3.4.4.2  Le  principe  d’ordre  

Malgré l’impression que l’on peut en avoir au premier abord, la conversation est loin d’être aussi chaotique et désordonnée qu’elle semble l’être. Au contraire, la conversation est un système extrêmement ordonné, et est accomplie de manière méthodique et systématique par l’ensemble des participants, qui s’engagent dans un travail constant de coordination, de synchronisation, de maintien et d’ajustement de leurs perspectives (Sacks, Schegloff & Jefferson, 1974). L’ordre est ubiquitaire et présent dans toute conversation, indépendamment de son contexte d’émergence – que ce soit dans une conversation bipartite ou multipartite, dans une conversation de tous les jours ou dans une situation institutionnelle, etc. – et ce malgré le fait que rien de ce qui est dit, ni l’ordre dans lequel cela est dit, n’est prédéfini à l’avance (Sacks, Schegloff & Jefferson, 1974).
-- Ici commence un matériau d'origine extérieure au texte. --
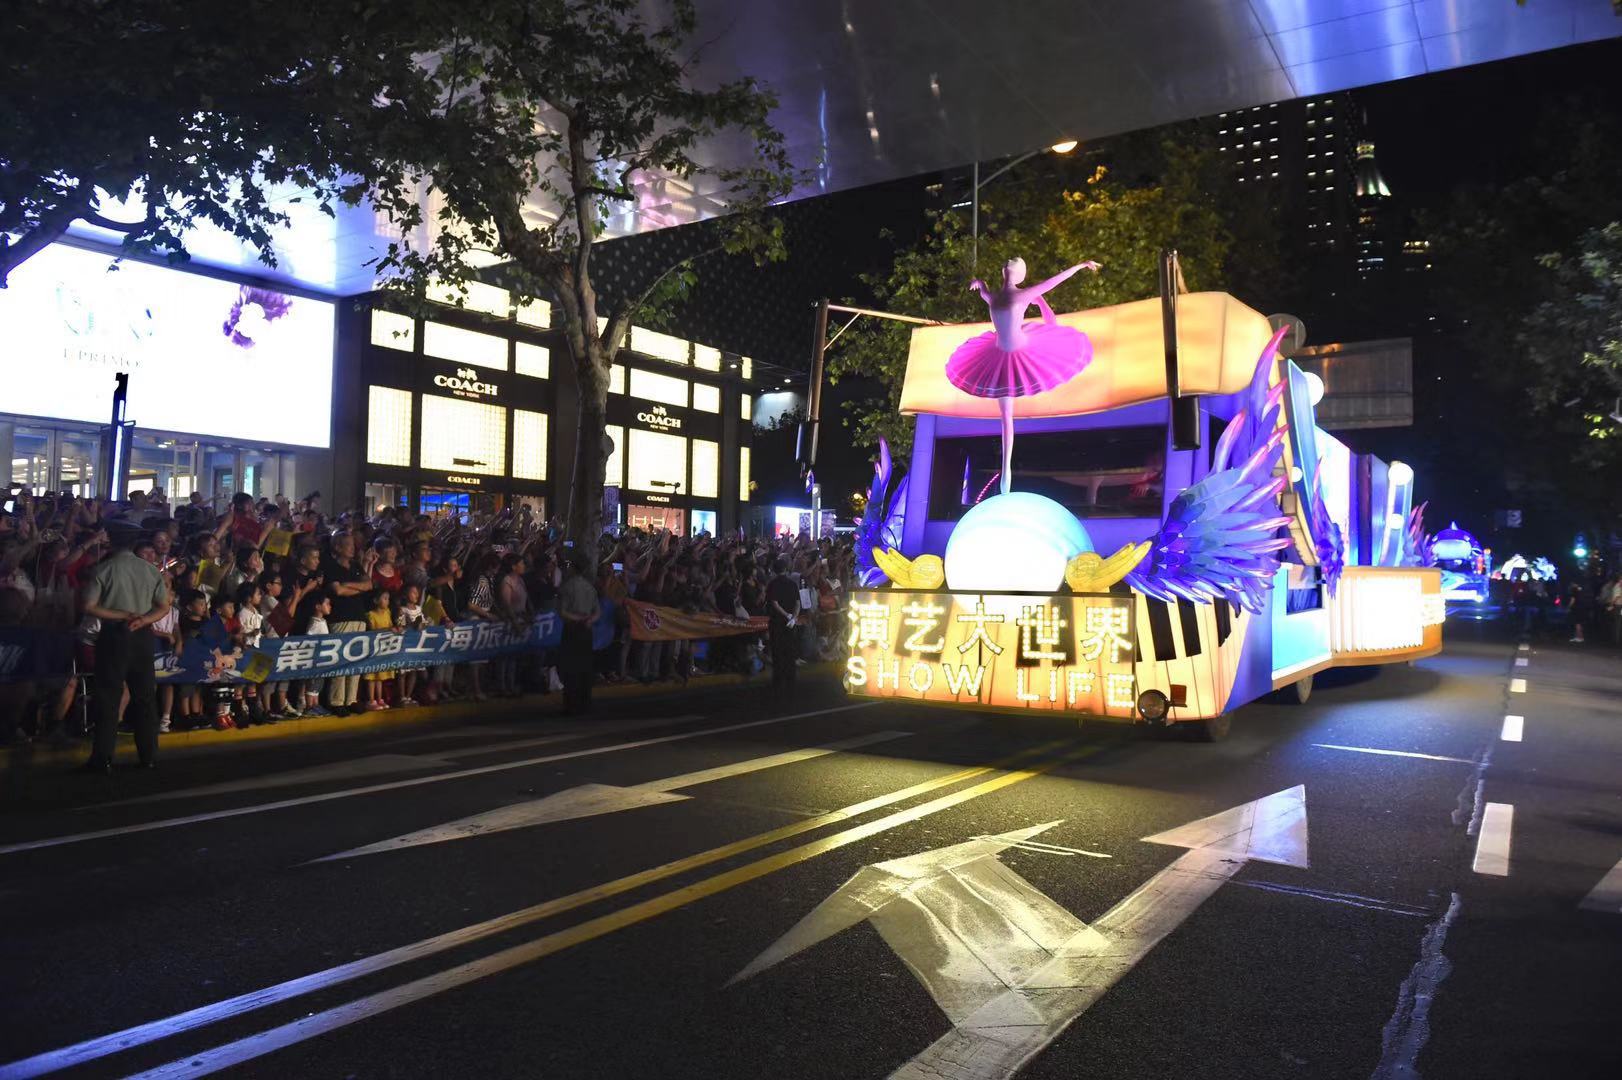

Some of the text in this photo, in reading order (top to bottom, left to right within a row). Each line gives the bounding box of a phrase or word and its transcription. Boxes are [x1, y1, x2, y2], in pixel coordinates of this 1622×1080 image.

L’observation d’un caractère ordonné de la conversation – par exemple dans la construction et la distribution des tours de parole entre les différents locuteurs – par les participants manifeste que la création et le maintien d’un ordre social est une préoccupation constante des membres d’un groupe social.

3.4.4.3  Le  principe  de  séquentialité  et  de  temporalité  

L’AC s’inscrit dans une dimension temporelle et séquentielle. L’objet de l’AC ne consiste pas à aborder des formes linguistiques indépendantes, de manière décontextualisée, mais observe les unités de construction du tour de parole en fonction de leur placement séquentiel, c’est-à-dire en tenant compte à la fois des tours précédents et des tours suivants dans le

déroulement de la conversation. Chaque tour de parole prend donc son sens de manière séquentielle. La conversation se déploie ainsi à la fois de manière prospective et rétrospective (Garfinkel, 1967), puisque le sens de chaque tour de parole découle des précédents et projette simultanément des indices sur la manière dont les interlocuteurs doivent interpréter le tour de parole et ajuster leur conduite dans le tour suivant. En observant le prochain tour, on peut voir comment le locuteur interprète et comprend le tour qui précède. Ce mécanisme est désigné par le terme de next-turn proof procedure et consiste à observer comment les « locuteurs démontrent dans leurs ‘prochains’ tours séquentiels une compréhension de ce en quoi le tour ‘précédent’ consistait » (Hutchby & Wooffitt, 1999 : 15). Le contexte séquentiel de l’interaction occupe donc un rôle majeur dans l’organisation de la conversation. Les interactants organisent en effet leur conduite de manière à la rendre cohérente par rapport aux actions précédentes, et à projeter des actions pertinentes pour la suite de la conversation. Le contexte est ainsi créé localement par l’ensemble des participants, qui le reconfigurent en permanence pour s’adapter à l’occasion de sa production. Tout comme l’ordre des unités conversationnelles et de la distribution de la parole, le contexte interactif n’est jamais prédéfini à l’avance ; de cette manière, on peut dire que l’organisation de la conversation est indépendante du contexte social (context free) dans lequel elle apparaît, mais qu’elle est sensible au contexte verbal (context sensitive) de son émergence (Sacks, Schegloff & Jefferson, 1974). Cela signifie que les productions verbales des locuteurs tiennent compte du tour de parole précédent, et projettent elles aussi des contingences sur le tour suivant, et ainsi de suite.